Kadın buraya ölmeyi göze alarak gelmişti ama ölürsem sizi de yakarım mesajı veriyordu. Vanessa Gece Milan mekanımda ki bunakla bir bağlantısı vardı bu kadının ama nasıl bir bağlantı bunu öğrenmem gerekiyordu.
Beni tehdit etmesinin elbet bir bedeli olacaktı fırsatı da kendi bana vermişti. Önce onu yakından tanıyacak ardından onu hassas noktasından vuracaktım.
Ama önce Denizin intikamını birlikte alacaktık. Hiçbir kadının fiziksel, zihinsel şiddet görmesine müsamaha göstermezdim ki bunu yapan benimde düşmanım olan Faruk Kaya ise hiç müsamaha göstermezdim.
Faruk Kayanın abisi Cengiz Kaya daha yeni mekanımdan çıkmıştı hem de Bunak Milan ile birlikte. Kimsenin bilmediği çok büyük işler dönüyordu burada sonunda olaylar patlak verecekti. Şimdi saçlarının rengini adından almış kadınla yaptığı emrivaki üzerine onun evine gidiyorduk arkadaşı Denizi ve eşyalarını alacaktık.
Benim evime yerleşeceklerdi yine emrivaki üzerine. Bu yaptığı emrivakilerinde hesabı sorulacaktı ama şimdi mantıklı hareket etmeliydim. Bu yaptığı emrivakiyi de sadece onu daha yakından tanıyabilmek bilgiler toplaya bilmek amacı ile kabul etmiştim.
Onu evime, kardeşlerimin yanına sokacaktım bu yüzden daha dikkatli olmalıydım. İçimde ona karşı gereksiz bir güven duygusu vardı ve bu durum kendime sövmeme neden oluyordu. Evinin önüne geldiğimizde içerden gelen çığlık sesleri ile en başta Gece olmak üzere hepimiz endişeyle içeri girmiştik. Deniz bizi görünce daha çok çığlık atmaya başlamıştı Gece zar zor Deniz'i sakinleştirmiş içeri götürmüştü.
Emirhan bana dönüp "Abi bu nasıl psikopatlık adam kanla duvara yazı yazmış." Dedi. Sadece duvardaki yazıyı inceliyordum. "Abi ne yapacağız şimdi?" diye sordu Volkan. " Ne olursa olsun canınız pahasına Denizi koruyacaksınız." Dedim net ses tonumla. "Bu sırada da ben ile baş komiser planı uygulayacağız yavaş yavaş İkrayı da o lanet aileden kurtaracağız." Dedim.
Gece gelip bizimle göz teması bile kurmadan balkona çıktığında başımı ovup peşinden gittim. Gece "Planı hemen başlatmamız lazım Karadağ." Dedi yüzüme bile bakmadan.

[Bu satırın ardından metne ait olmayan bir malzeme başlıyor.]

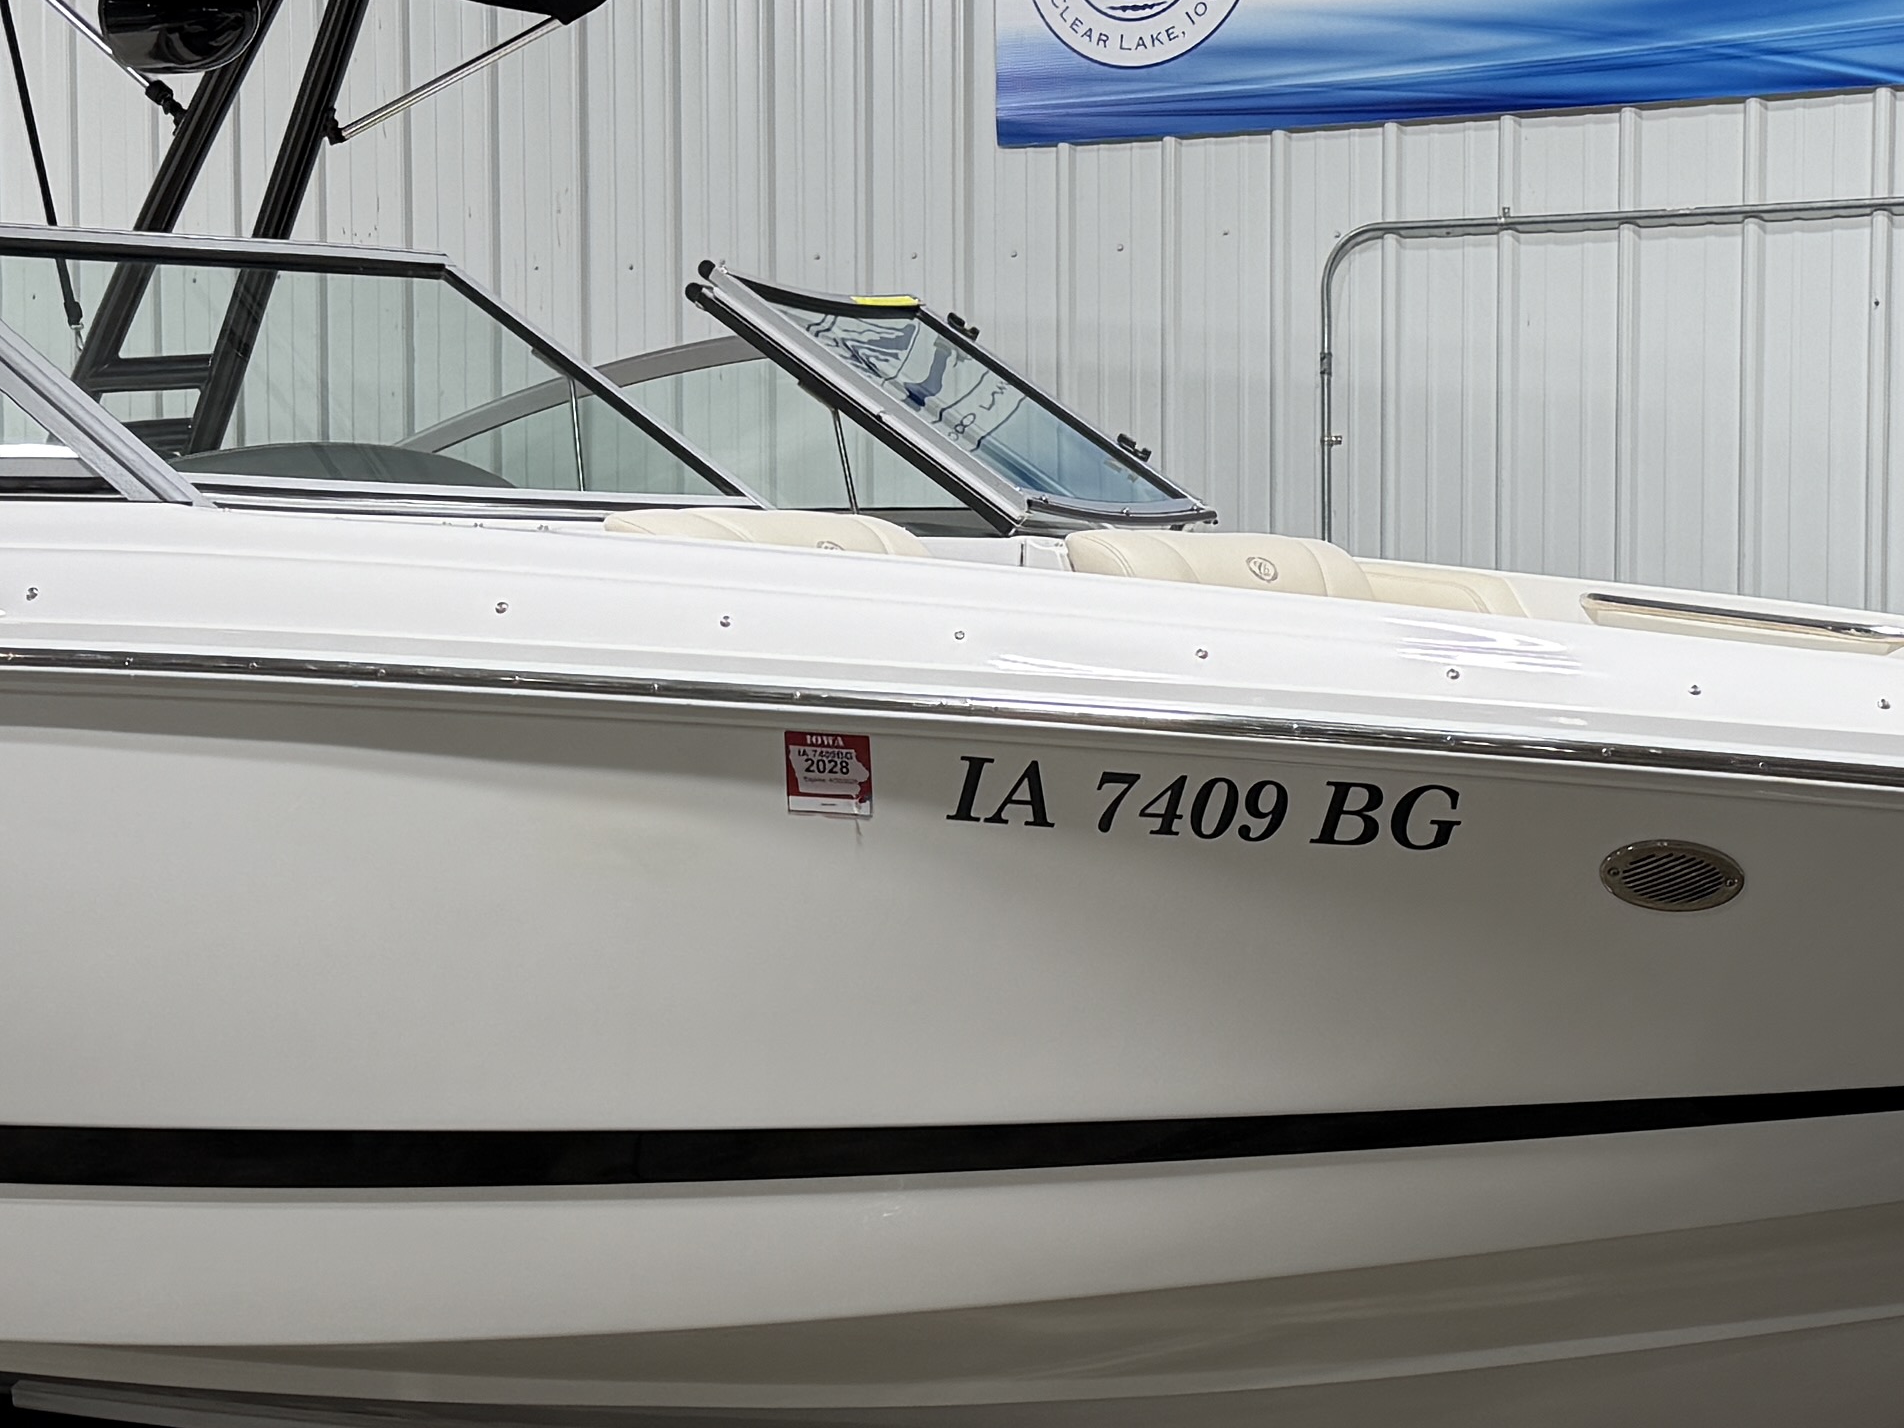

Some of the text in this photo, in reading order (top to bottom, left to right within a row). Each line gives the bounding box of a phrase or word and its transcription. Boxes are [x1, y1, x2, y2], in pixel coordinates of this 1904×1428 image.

[1119, 25, 1187, 51] LAKE,
[805, 734, 845, 747] IOWA
[798, 748, 809, 758] IA
[804, 758, 850, 776] 2028
[945, 755, 1463, 851] IA 7409 BG
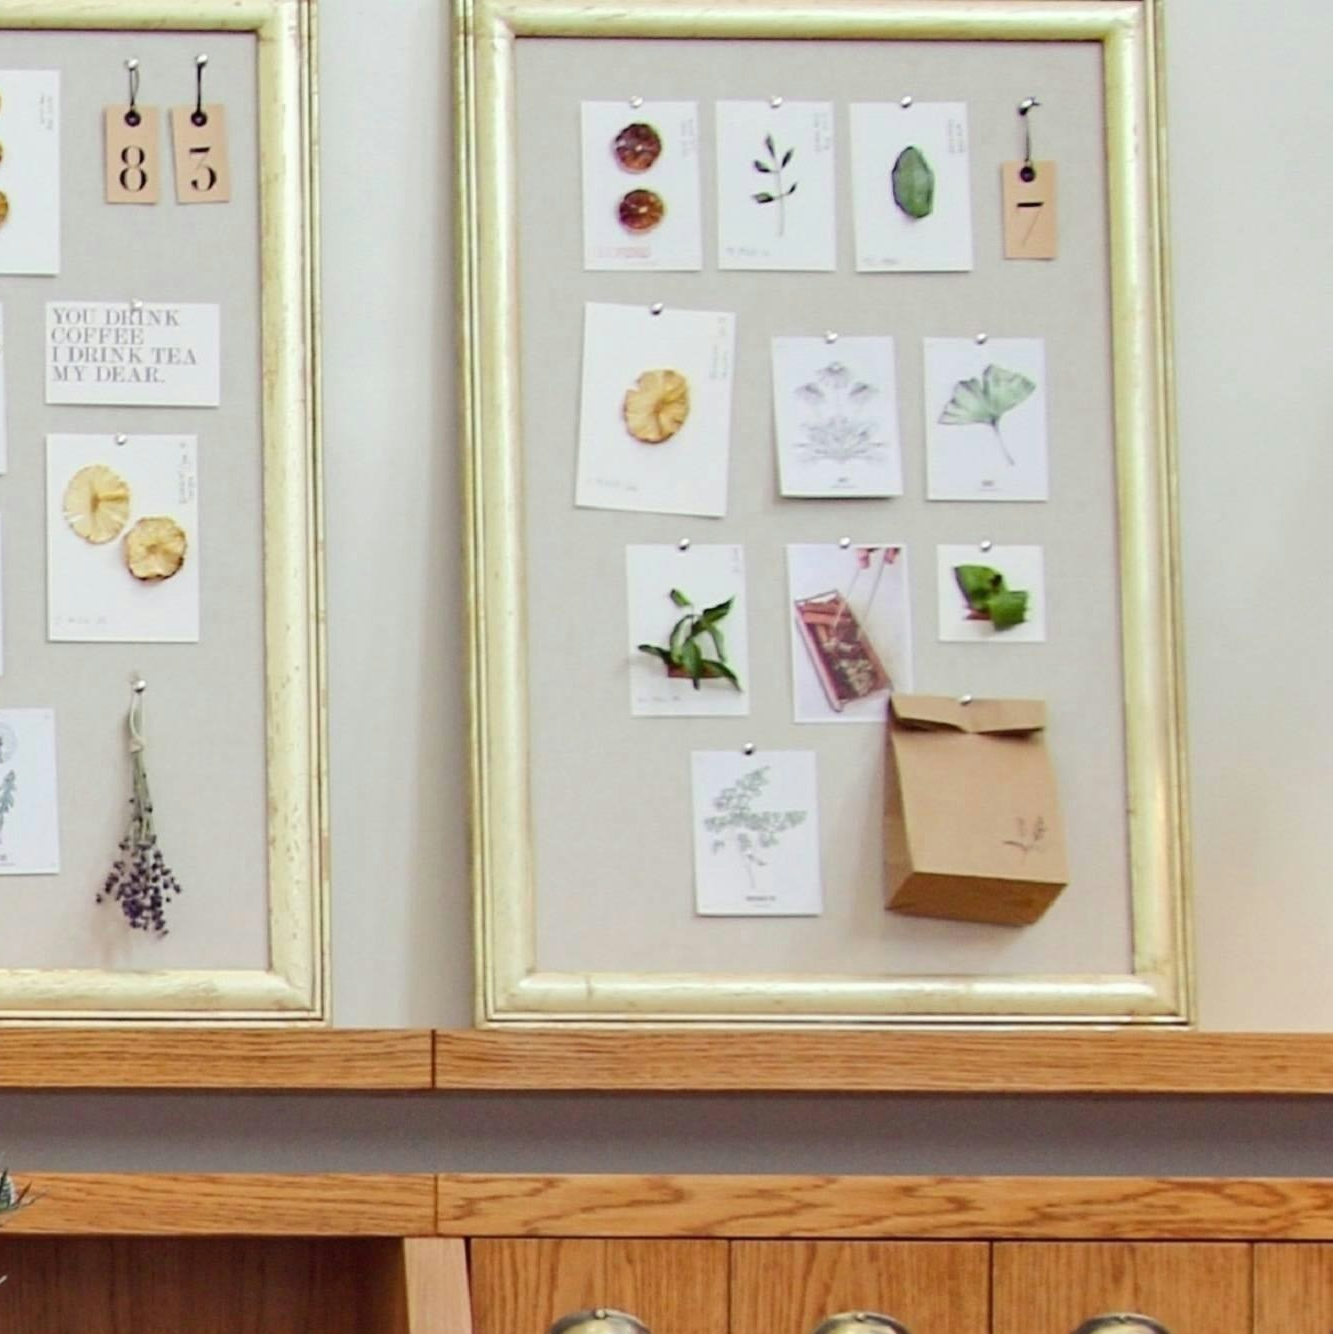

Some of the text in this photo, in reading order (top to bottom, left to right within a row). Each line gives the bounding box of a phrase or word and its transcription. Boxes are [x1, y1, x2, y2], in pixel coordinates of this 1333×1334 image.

[119, 145, 218, 193] 8 3
[1016, 200, 1045, 247] 7
[52, 307, 181, 327] YOU DRINK
[50, 327, 145, 345] COFFEE
[52, 346, 197, 366] I DRINK TEA
[51, 365, 166, 384] MY DEAR.

Haklıydı biran önce güzel bir plan yapıp Denizi ve ikrayı kurtarmalı, dünyayı bir pislikten temizlemeliydik.
Sonunda gözleri bana döndü, gözleri kızarmış olmasaydı ağladığı anlaşılmazdı duygularını saklamaya çalışıyordu ama bunu kısmen becerebiliyordu. "Benim için bir şeyler planladığının farkındayım Karadağ ama öncelliğin Denizimi kurtarmak olmazsa ben senin için planlarımı bir saniyede devreye sokarım beş dakikada gerçekleştiririm." Dedi iddialı bir ses tonuyla. Dudağımın bir kenarı yavaşça yukarı kalktı üstüne doğru eğilip kısık ses tonumla "Çok korktum baş komiser." Dedim alayla ve onu balkonda bırakıp içeri geçtim.

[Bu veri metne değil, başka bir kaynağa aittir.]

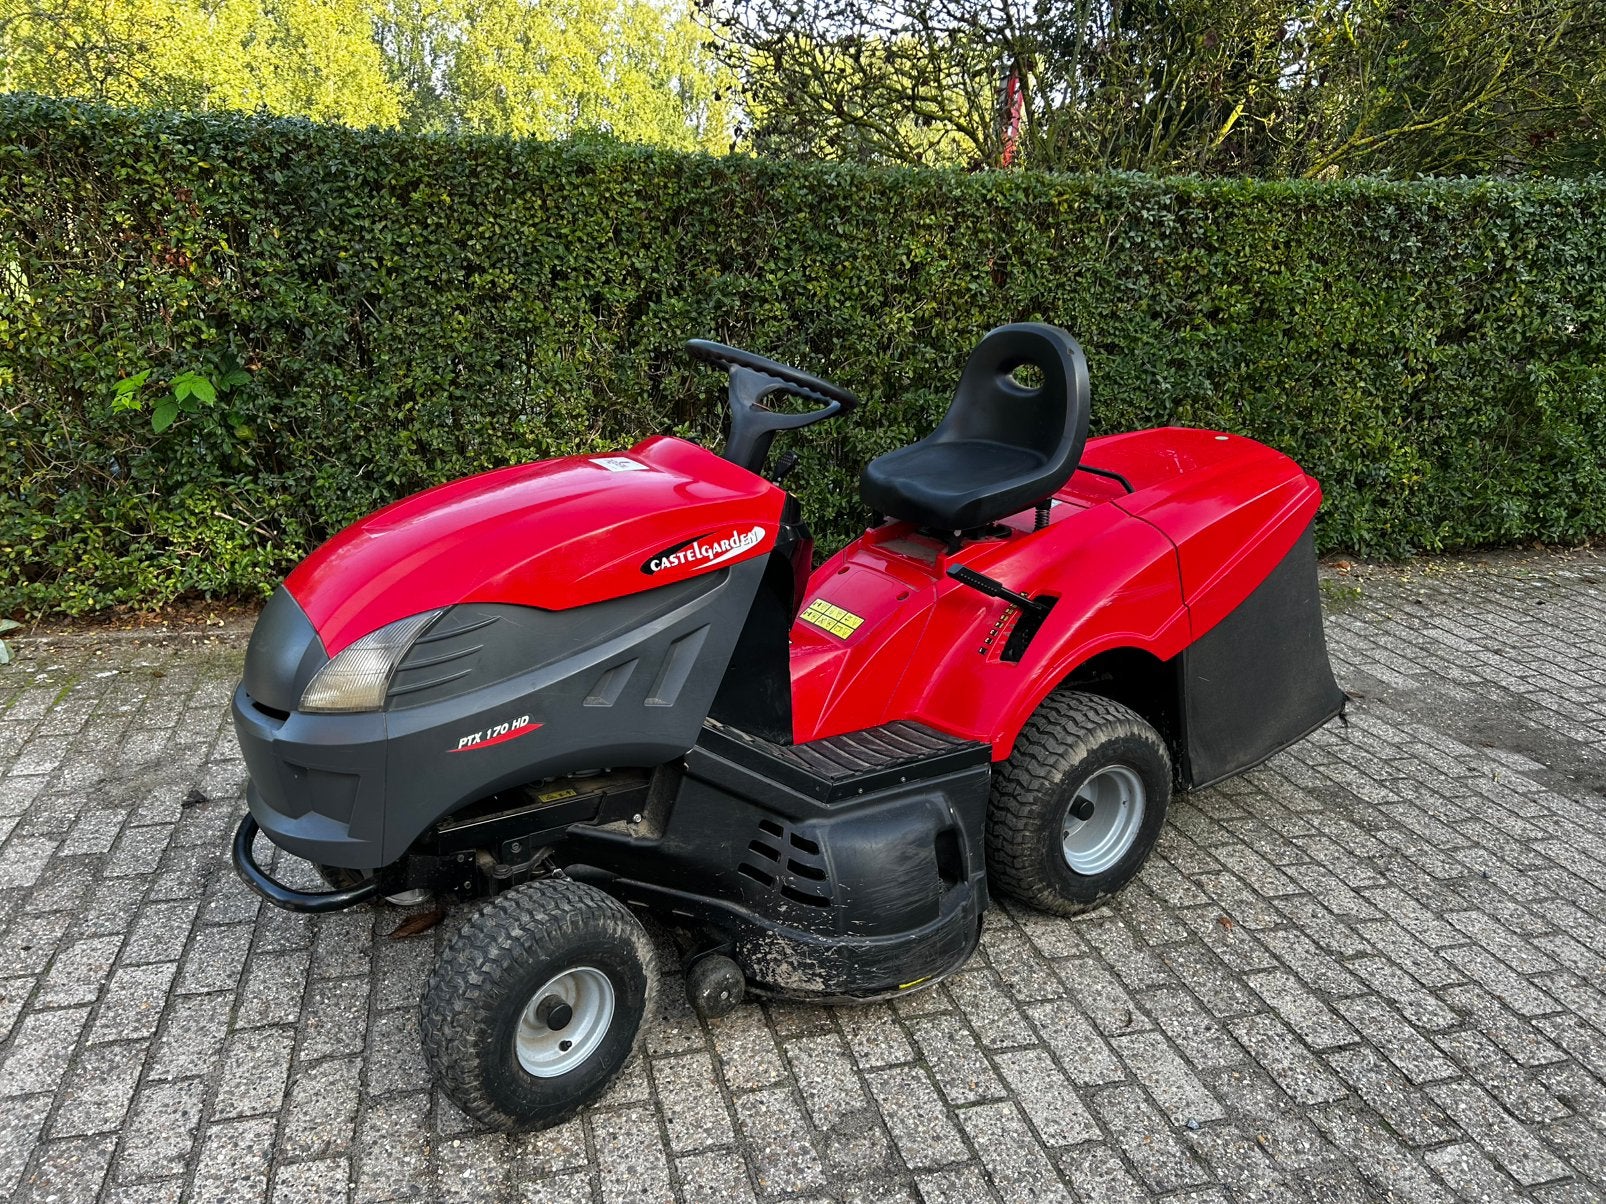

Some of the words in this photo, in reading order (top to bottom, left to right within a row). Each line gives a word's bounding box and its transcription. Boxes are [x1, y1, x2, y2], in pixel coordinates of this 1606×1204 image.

[458, 731, 482, 749] PTX
[486, 723, 509, 740] 170
[511, 715, 530, 730] HD

Arkamdan söylenmesi üzerine yüzümde bir gülümseme oluştu hemen kendimi düzeltip içeri geçtim. "Baş komiser hazırlanın gideceğiz birazdan bekletilmekten hoşlanmam." Dedim. Bana yandan bir bakış atıp hızla içeri geçti. Şimdi sıra plandaydı, plan için yapması gerekenler baş komiser hanımı bayağı sinirlendirecekti.